So with broadcasting dots, we've managed to excise nearly all sometimes-scalar/s…ometimes-vectorized functions in Julia to great benefit. There are two notable stragglers: `getindex` and `setindex!`. Now, since they have their own syntaxes and support so many fancy things it hasn't always been (and really still isn't) completely obvious that it should be deprecated in favor of broadcasting. But they really are just "broadcasting" scalar indexing over the cartesian product of the indices.
## The advantages
There'd be a number of advantages to spelling nonscalar indexing as some form of broadcasting.
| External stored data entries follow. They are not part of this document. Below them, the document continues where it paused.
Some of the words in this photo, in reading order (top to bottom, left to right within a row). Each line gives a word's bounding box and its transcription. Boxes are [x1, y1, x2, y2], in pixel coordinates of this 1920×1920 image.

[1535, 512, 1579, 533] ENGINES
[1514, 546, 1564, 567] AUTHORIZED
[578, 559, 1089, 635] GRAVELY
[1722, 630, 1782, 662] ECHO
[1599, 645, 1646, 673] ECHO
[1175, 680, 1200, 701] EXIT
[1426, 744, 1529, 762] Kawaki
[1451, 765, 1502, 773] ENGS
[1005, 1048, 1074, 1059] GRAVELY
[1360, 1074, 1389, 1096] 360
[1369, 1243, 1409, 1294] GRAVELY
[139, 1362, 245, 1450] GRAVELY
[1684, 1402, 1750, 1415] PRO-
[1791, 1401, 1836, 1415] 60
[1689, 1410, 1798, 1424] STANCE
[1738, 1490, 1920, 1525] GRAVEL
First and foremost: fusion. Forget the whole view/copy debate — straight-up fusion could be faster than either. For example, we could define the new syntax `A.[I...]` to mean `broadcast((idxs...)->A[idxs...], I...)`. Then, to extract the first 10 elements from the first column of `A`, you write `A.[1:10, 1]`. This means that you could fuse in additional operations without any temporaries or views whatsoever with, e.g., `sqrt.(A.[1:10, 1])`.
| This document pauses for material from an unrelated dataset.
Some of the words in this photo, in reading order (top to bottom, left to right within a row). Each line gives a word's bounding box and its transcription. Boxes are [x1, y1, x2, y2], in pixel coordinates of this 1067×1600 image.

The other huge advantage is how this would then generalize these sorts of accesses to _all_ data structures, including dictionaries and more. Cf. #24019.
## The challenges and their potential solutions
Now, there are also some fairly major challenges in making it easy to express all that indexing does with a broadcasting semantic.
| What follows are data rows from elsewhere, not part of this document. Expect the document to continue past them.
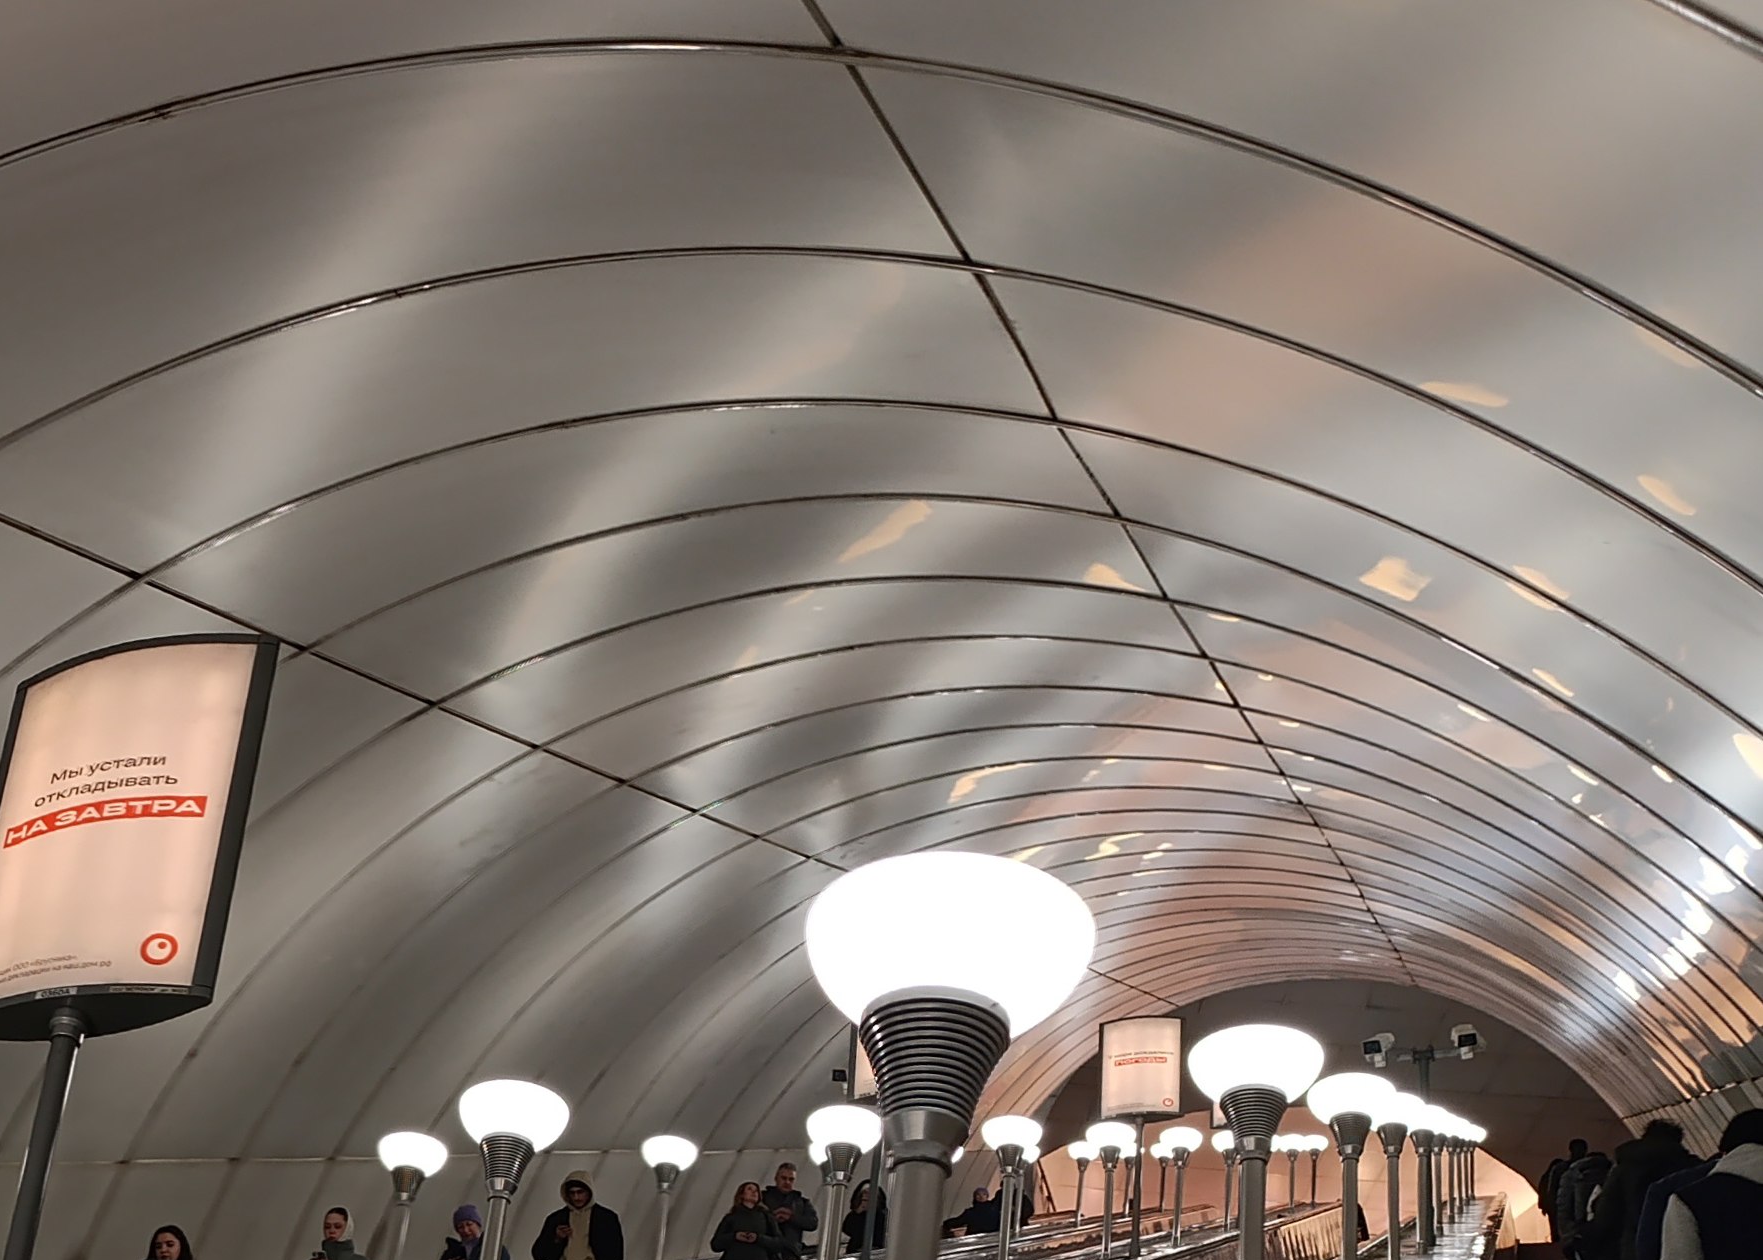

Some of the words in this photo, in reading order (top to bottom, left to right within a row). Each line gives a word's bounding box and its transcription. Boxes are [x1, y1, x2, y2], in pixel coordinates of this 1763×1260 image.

[50, 768, 82, 784] Мы
[86, 756, 166, 776] устали
[34, 775, 178, 807] откладывать
[6, 820, 48, 845] НА
[54, 799, 202, 827] ЗАВТРА
* **APL Indexing:** The existing `A[1:10, 1:10]` takes the cartesian product of the two indices, returning a 2-dimensional 10x10 array. I'd expect a broadcasted `A.[1:10, 1:10]` to use broadcasting's shape-matching semantic and return the diagonal. In general, APL indexing can be thought of as a broadcast where each successive index is "lifted" to a higher dimension than the sum of dimensionalities of all arguments that preceded it. We could potentially have a simple wrapper that flags arguments to be "orthogonalized" before participating in broadcast — options for spelling this wrapper could include `⟂` or `^`. Thus, `A[I, J]` becomes `A.[I, ^J]`. This is a generally useful operation... and for my purposes would completely obviate the pain from the recursive transpose/adjoint fallback removal as you could lift arguments to orthogonal dimensions _anywhere_: `f.(1:10, ^array_of_strings)`. That said, the change in default operation here from APL-like to broadcasting-like may prove to be very painful...
* **Index conversions:** The existing indexing API supports [many types of indices](https://docs.julialang.org/en/v1/manual/arrays/#man-supported-index-types-1) and even an [extensible interface for adding more](https://docs.julialang.org/en/v1/base/arrays/#Base.to_indices).
* For example, `:` is actually a _function_, but when used as an index it expands out to the entire axis. With broadcast, however, it acts like a function — as a scalar.
* Logical indexing with boolean arrays is even worse: there we have an array of trues and falses, but when used as an index it expands out to a vector of the locations of the trues. With broadcast, it behaves just like an array would, yielding the same number of trues and falses as the arrays overall shape.
Resolving this one means unfortunately giving up something fairly major: I don't believe it'll ever be possible to support all these features _and also_ support broadcast fusion through to an index computation. So while it would be oh-so-cool to have an expression like `A.[clamp.(idx .+ (-N:N), 1, end)].^2` (to examine a window about some `idx` without worrying about bounds) fuse the whole way down, it simply isn't extensible to the very next thing you'd want to have fuse: `A.[A .> 0]`. That would be a nightmare to figure out how to fuse.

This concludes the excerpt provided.